“I was flying Senator Goldwater back to D.C. from his home state of Arizona. He’d taken with him a man who was the U.S. Navy liaison to the U.S. Senate. It was late at night, and we were about an hour out of Andrews when the Navy guy came up and started chatting with us in the cockpit. He was pretty interesting, being an active-duty Navy captain who had been a former prisoner of war in Vietnam. After the POWs were released, he’d taken a slot as commander of a Naval aviator training unit, so that meant he was no longer rusty as a pilot.
I’m thinking, ‘Hmm. Former (and famous) POW, very interesting and cool guy, fun to talk to, and fairly current as a pilot. Why not offer him my copilot’s seat?’

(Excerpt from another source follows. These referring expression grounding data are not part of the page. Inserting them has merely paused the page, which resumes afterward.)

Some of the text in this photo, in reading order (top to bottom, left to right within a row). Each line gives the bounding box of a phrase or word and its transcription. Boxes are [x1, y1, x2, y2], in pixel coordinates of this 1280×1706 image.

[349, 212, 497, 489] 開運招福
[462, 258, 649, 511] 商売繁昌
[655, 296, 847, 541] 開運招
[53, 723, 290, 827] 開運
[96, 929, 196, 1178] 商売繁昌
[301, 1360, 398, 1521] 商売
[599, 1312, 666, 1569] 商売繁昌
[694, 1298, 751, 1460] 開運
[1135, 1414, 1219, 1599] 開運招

He accepted, so I sent my copilot back to chat with Goldwater. The Navy guy flew really well and I let him stay even as we started to descend into Andrews. At first, I’m sure we both thought he’d go back after a while and join Goldwater in the back, but he kept doing well and we were both having fun, so I let him stay longer. Soon, it became obvious to us both that I was going to let him take it to the landing, I’m sure we were both a bit surprised.

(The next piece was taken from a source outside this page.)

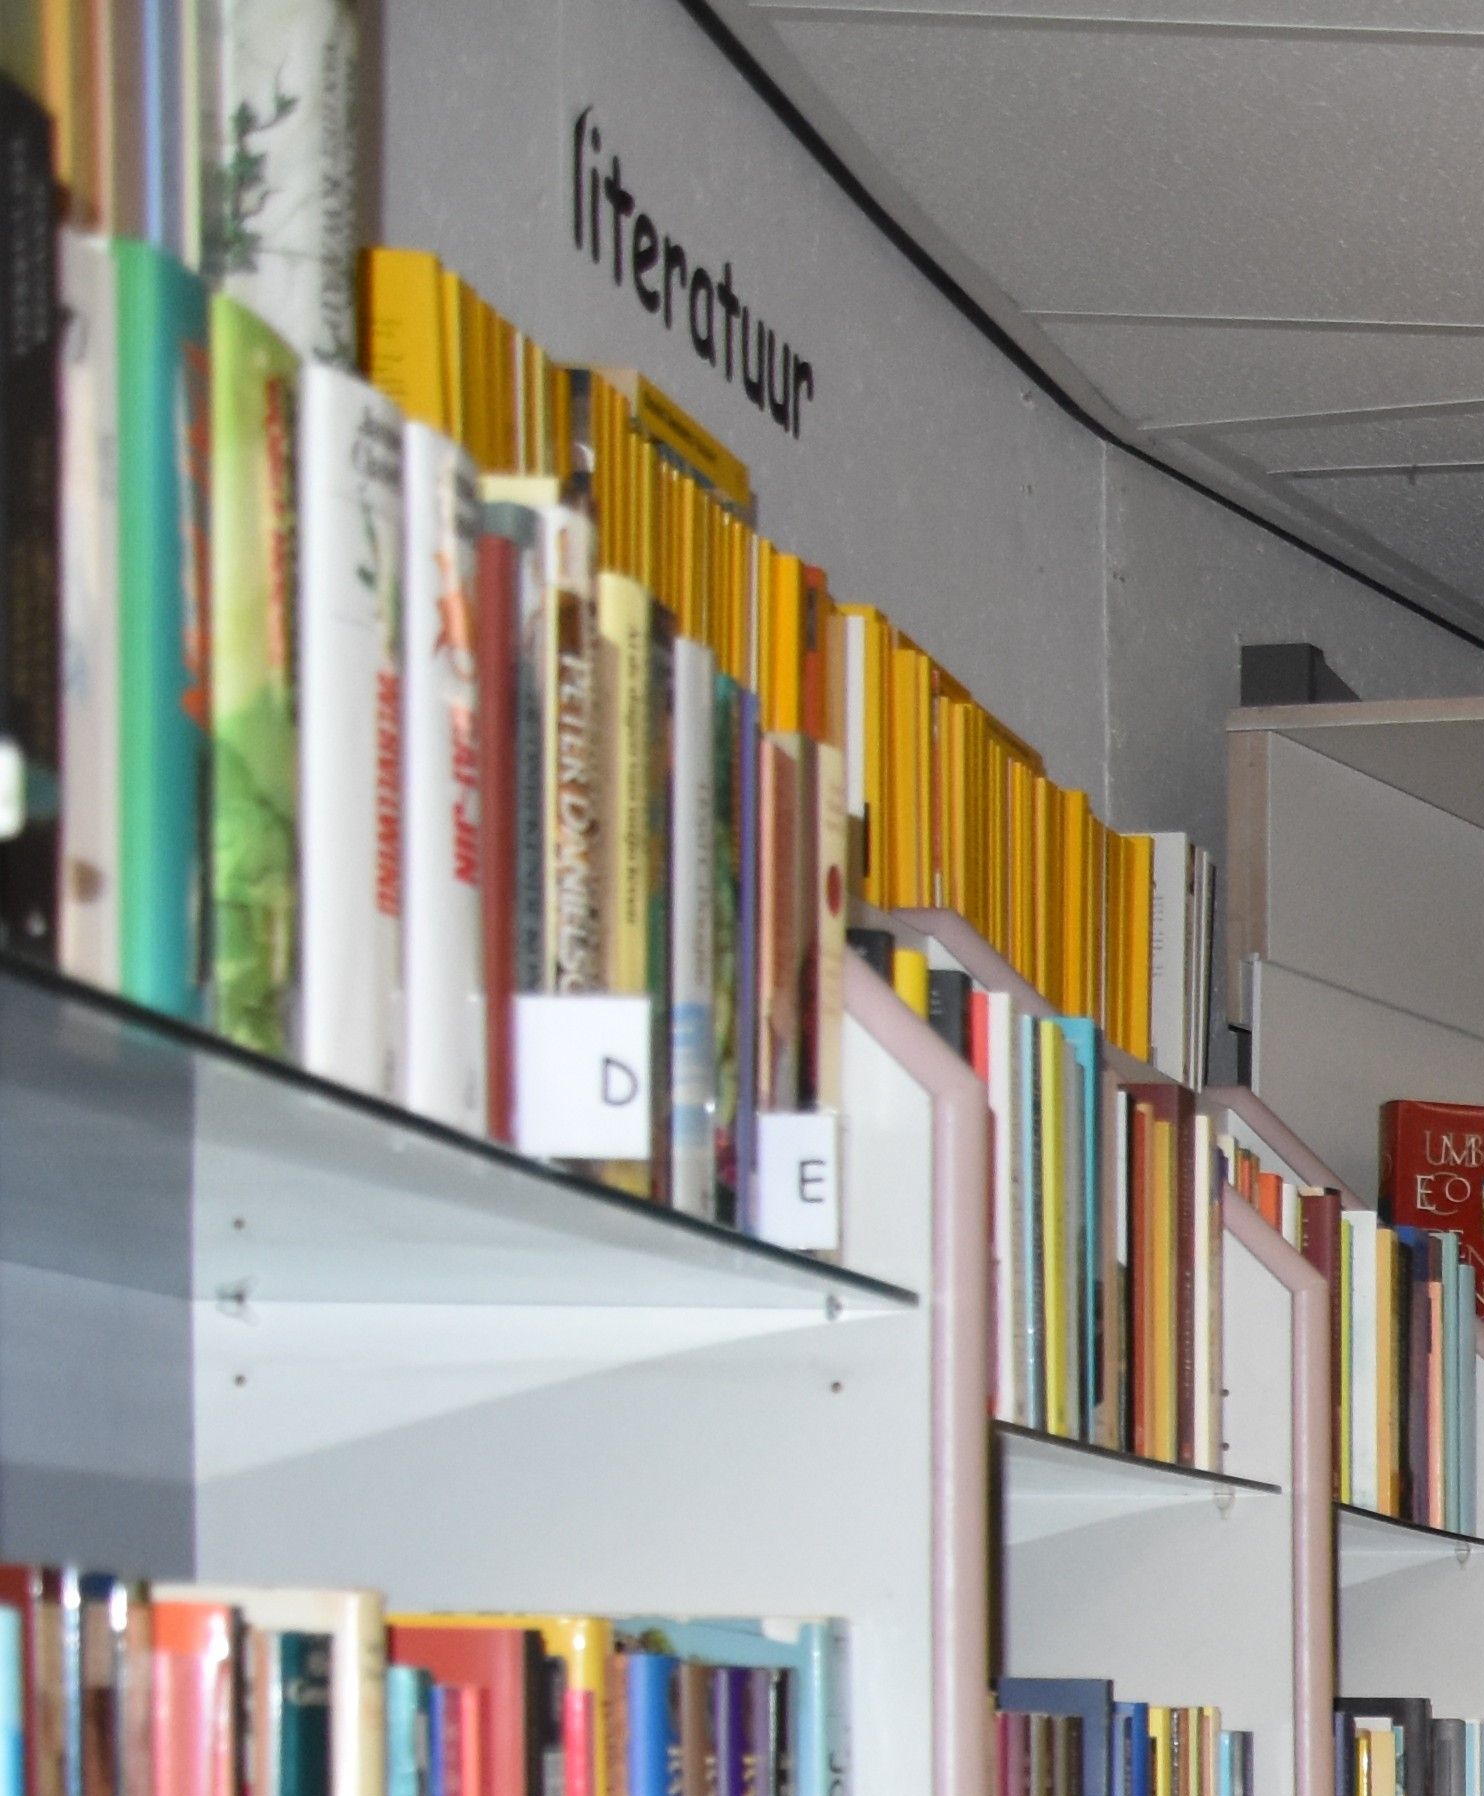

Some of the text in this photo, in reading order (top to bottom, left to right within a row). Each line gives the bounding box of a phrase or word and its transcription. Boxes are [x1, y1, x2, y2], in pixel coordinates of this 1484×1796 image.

[573, 105, 814, 440] literatuur
[600, 1057, 640, 1107] D
[798, 1161, 825, 1203] E

He said something about what if he messed up the landing. I said he could explain that to Goldwater! We laughed and he took it on in. He made a nice landing, considering that he was a Navy aviator and not even a real pilot (that’s an old joke, I know, but never call a Navy aviator a pilot—they’re not. We USAF guys can tell because they can’t land at all).
On rollout, Goldwater applauded, which meant he had low standards to be applauding any Navy guy’s landing—just kidding again—and my temporary copilot had a big smile on his face.
It wasn’t until a few years later, however, until I realized exactly how interesting a man I’d been seated next to that night.
It was Goldwater’s future replacement, John McCain.”